At every turn, I had to stop myself from spouting out something negative and defeating. I then mustered up the most positive thing I could say. I uttered “You can do this!” quite a bit, and while I was going for variety, the repetition didn’t hurt. We even laughed together at some of his crazy incorrect answers. We were in it together, and he got it done!
So if you are struggling with a particular issue with your child — whether it’s a behavioral issue, a difficult chore, homework or anything else — find your inner cheerleader. I once read a quote that said something like, “Who came up with the idea that making our kids feel bad about themselves (through discipline or derision) would make them change their behavior?” It’s so true! If we want them to improve, we need to make them feel good about themselves.
Here are a few negative phrases I’m sure I’ve uttered at some point and their cheerleader alternatives:
1) You’re 5 years old. You should know better. –> You’re such a big boy. I had no idea you were so smart.
2) Come on. You know this. Why can’t you do it? –> You can do this! I believe in you!
3) Please try folding laundry. You may not do it perfectly, but that’s ok. –> I had no idea you were so good at folding laundry! That was really hard! (Refold after the child has gone to bed.)
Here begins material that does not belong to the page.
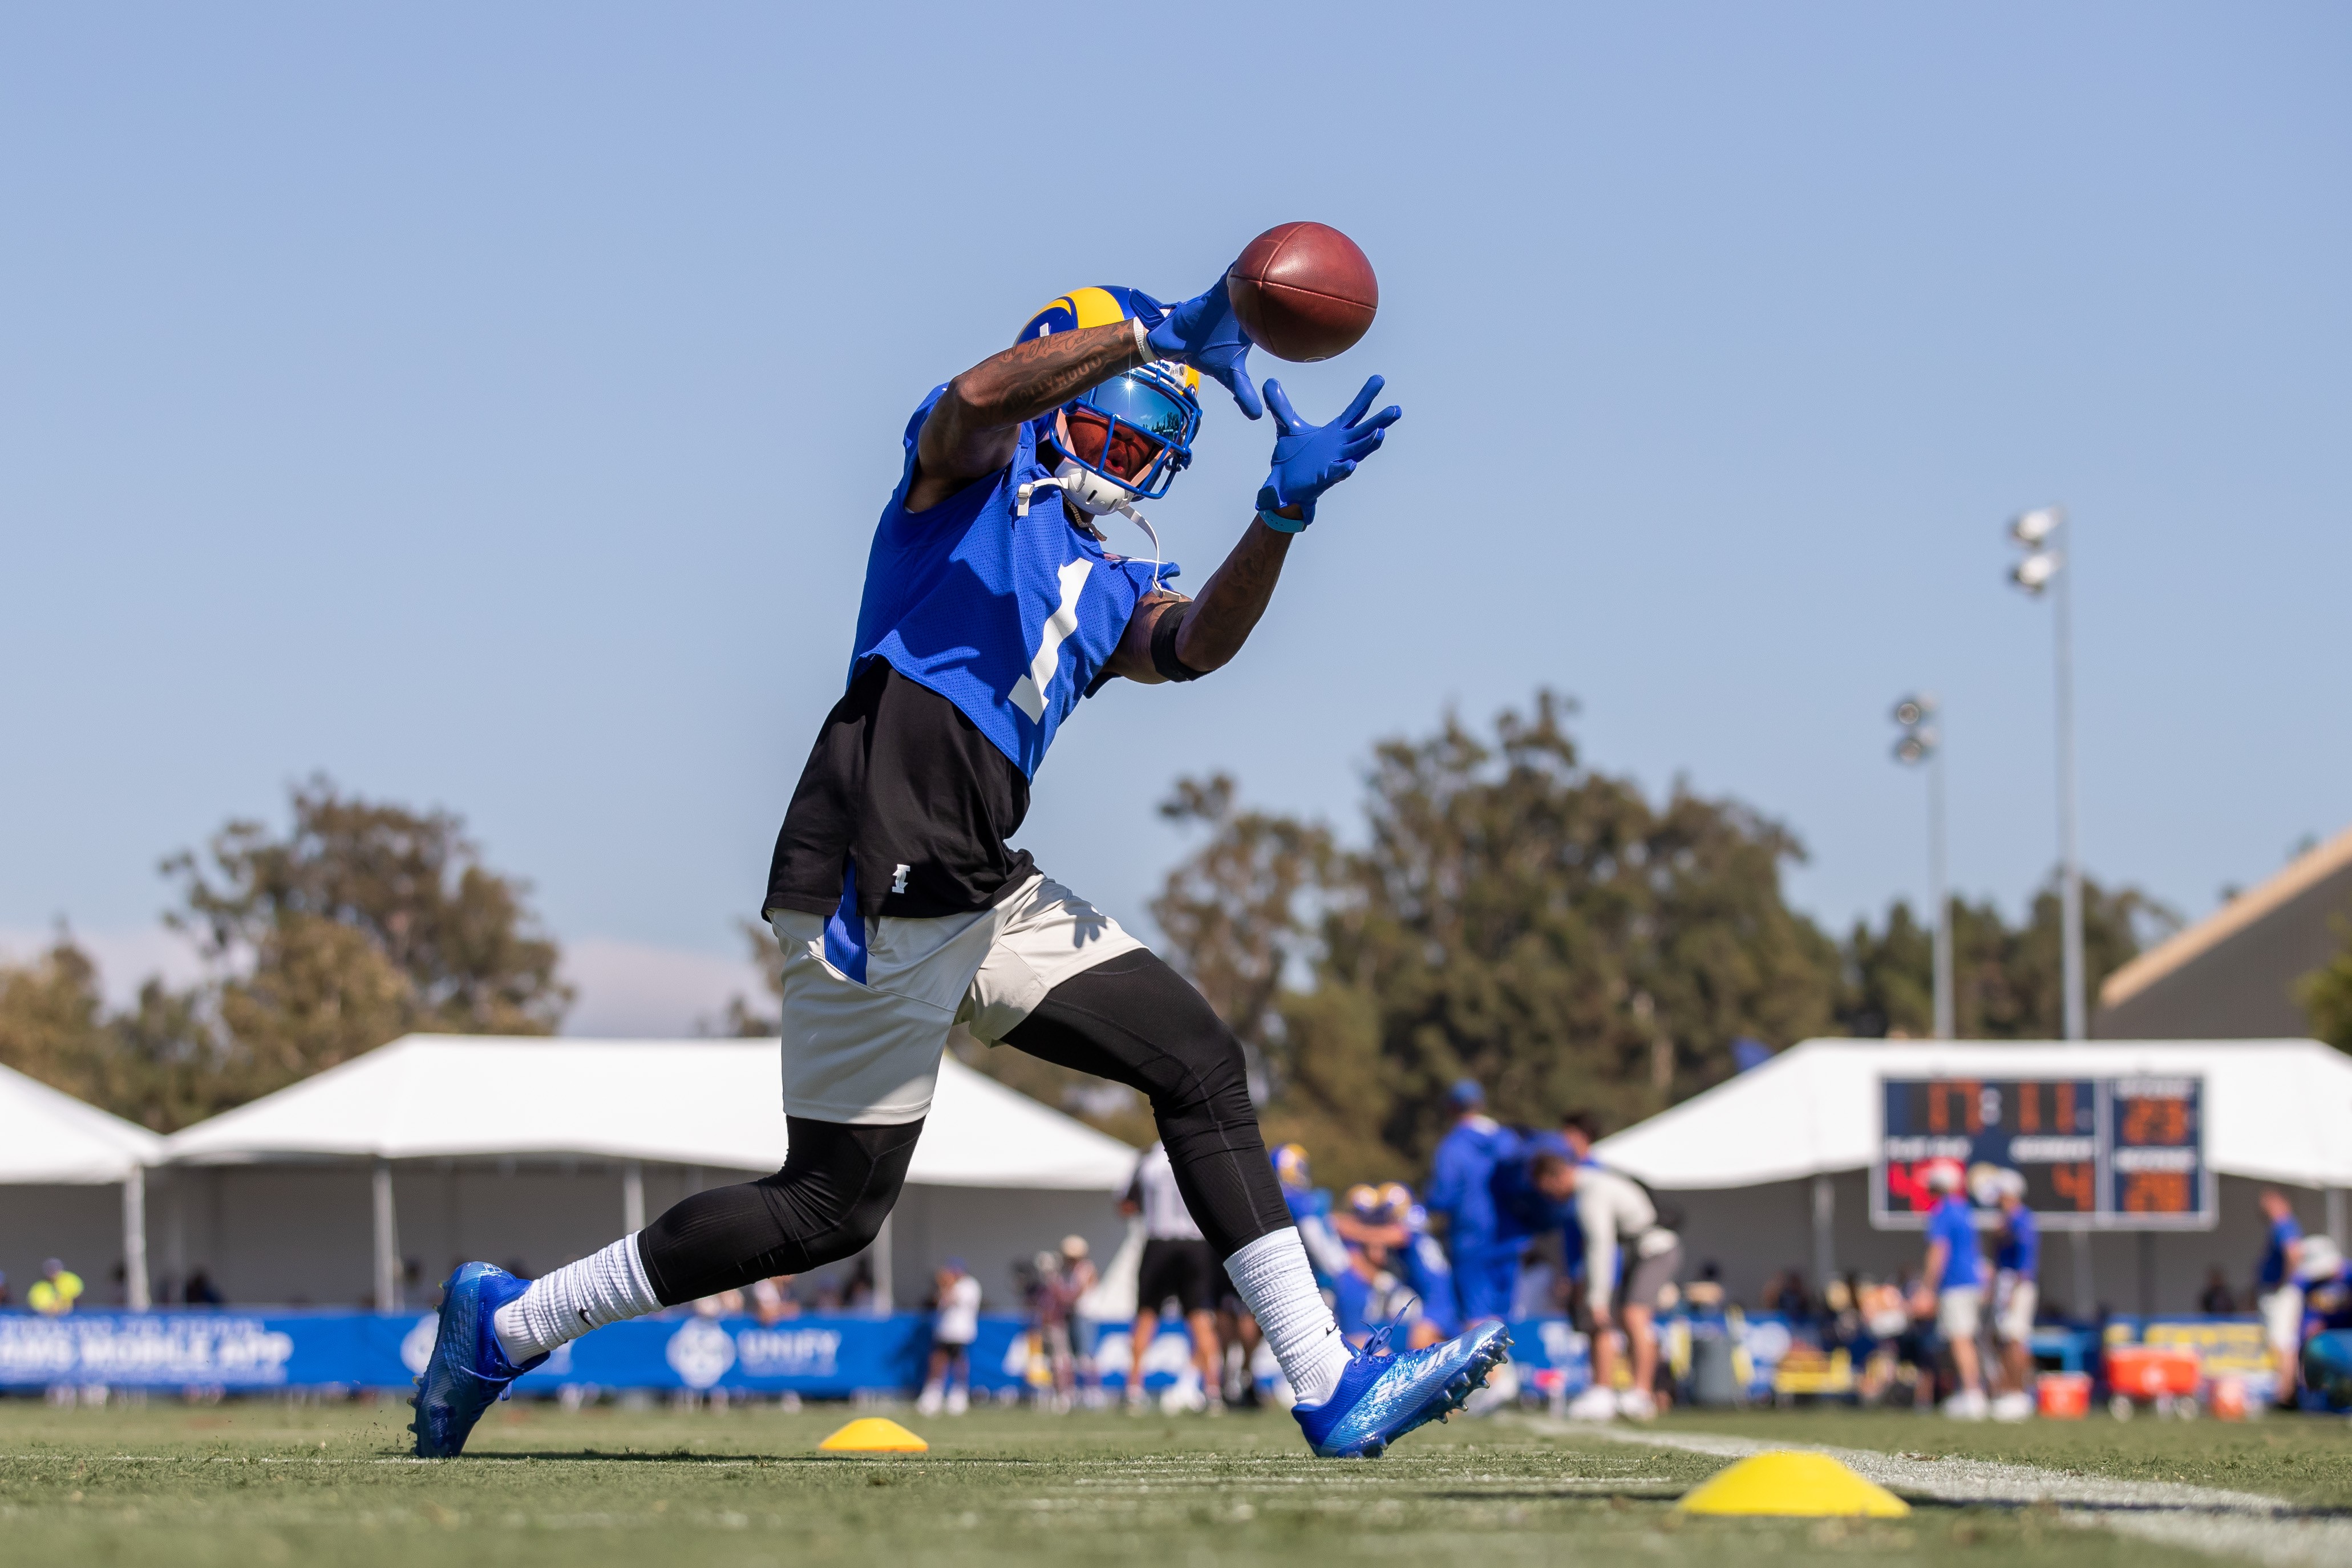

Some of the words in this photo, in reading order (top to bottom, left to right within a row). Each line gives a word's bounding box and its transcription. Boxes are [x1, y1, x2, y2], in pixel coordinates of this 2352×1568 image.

[1007, 557, 1094, 725] 1
[738, 1328, 841, 1362] UNIFY
[1437, 1360, 1446, 1368] JET
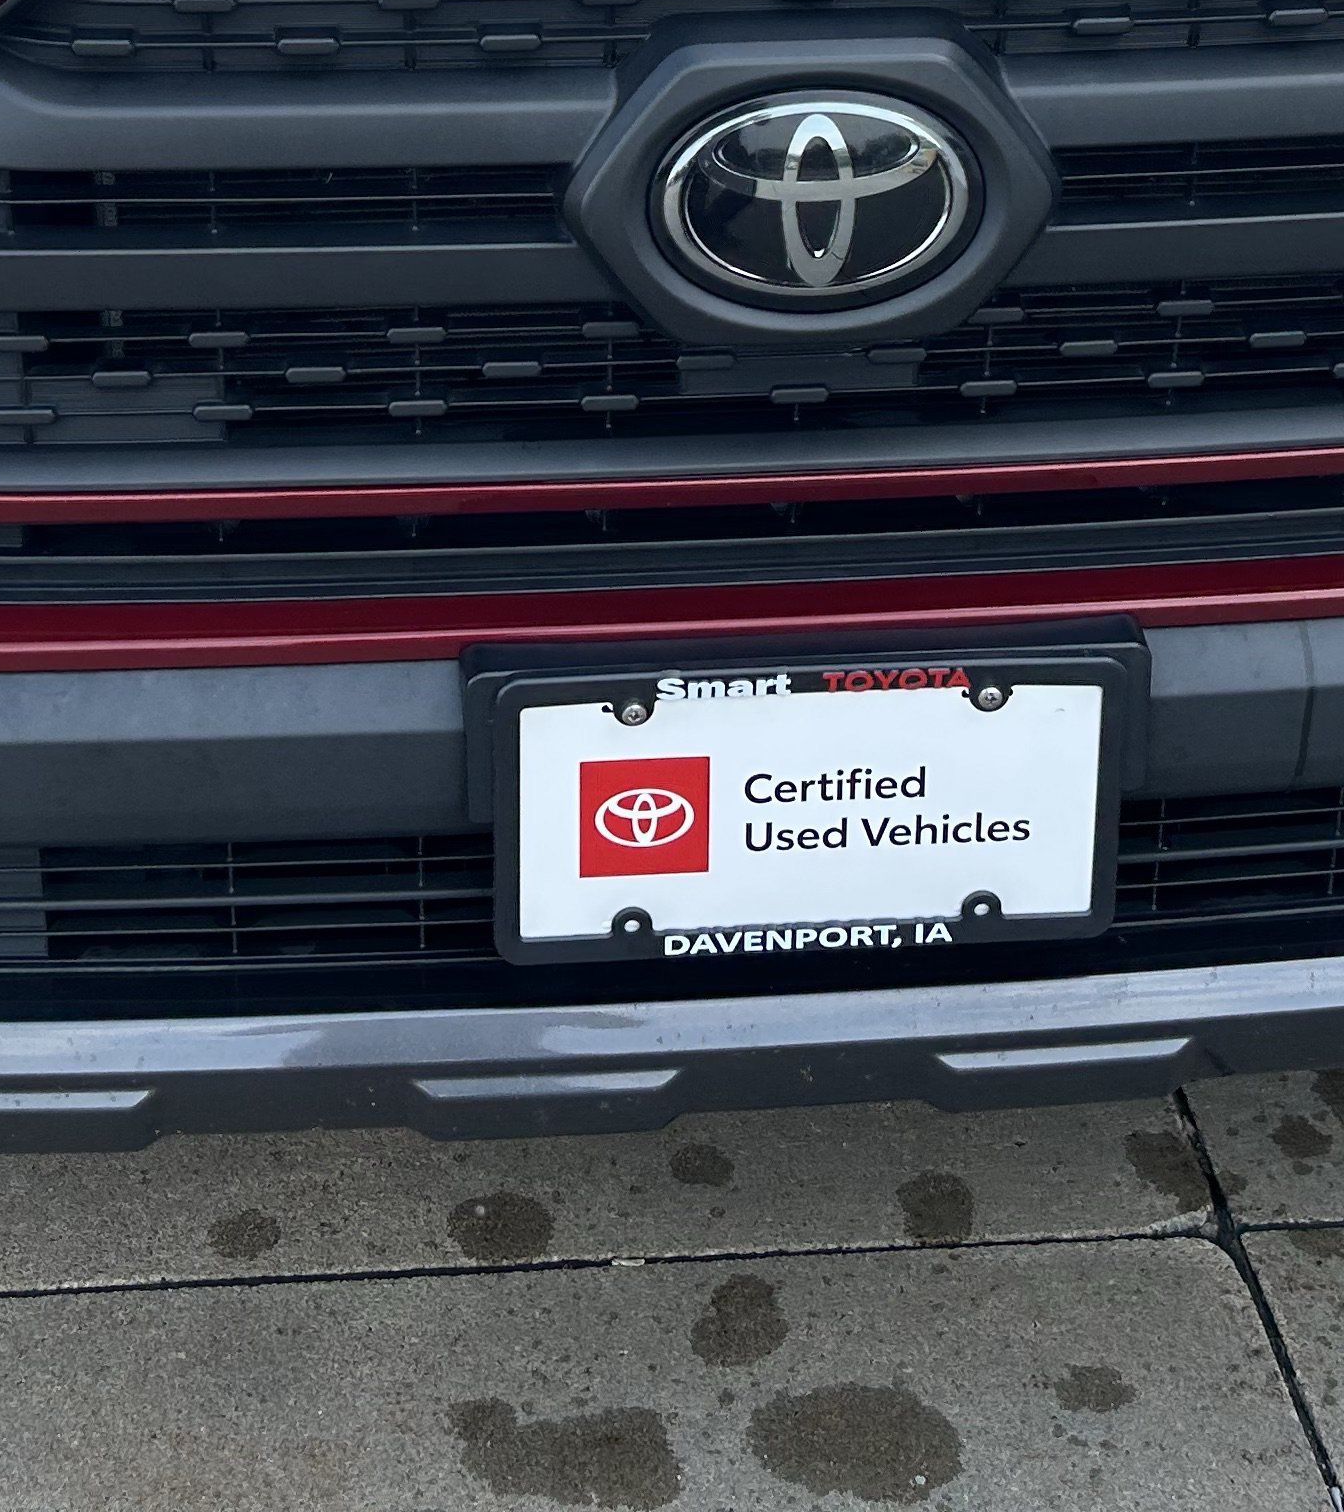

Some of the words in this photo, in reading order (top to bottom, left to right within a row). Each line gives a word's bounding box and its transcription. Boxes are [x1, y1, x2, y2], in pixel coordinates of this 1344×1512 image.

4) Did you really think that snatching that toy from your brother was a good choice? Really? –> I know you like that toy, and it can be so tempting to take the things you want. But I think your brother would feel better if you asked first. Do you agree? Let’s give it back and find another toy like that one.
5) You were good at riding your bike last time. What happened? Try harder! –> I see your bike-riding skills are a little rusty. That’s okay. It happens to me, too. Let’s keep going and it will get easier.
6) I see you got a good grade on your spelling test. Good. That’s as it should be. –> Wow! You got such a good grade on your spelling test! Let’s put it up on the fridge so Daddy sees it when he gets home!
Try to step outside yourself to listen to how you speak to your child. Honestly evaluate whether you are defeating or lifting up your child. If it’s the former, make it a point to work on it and stop yourself before you utter another negative phrase. Our kids want to please us. Let’s encourage them by making them feel good about doing so.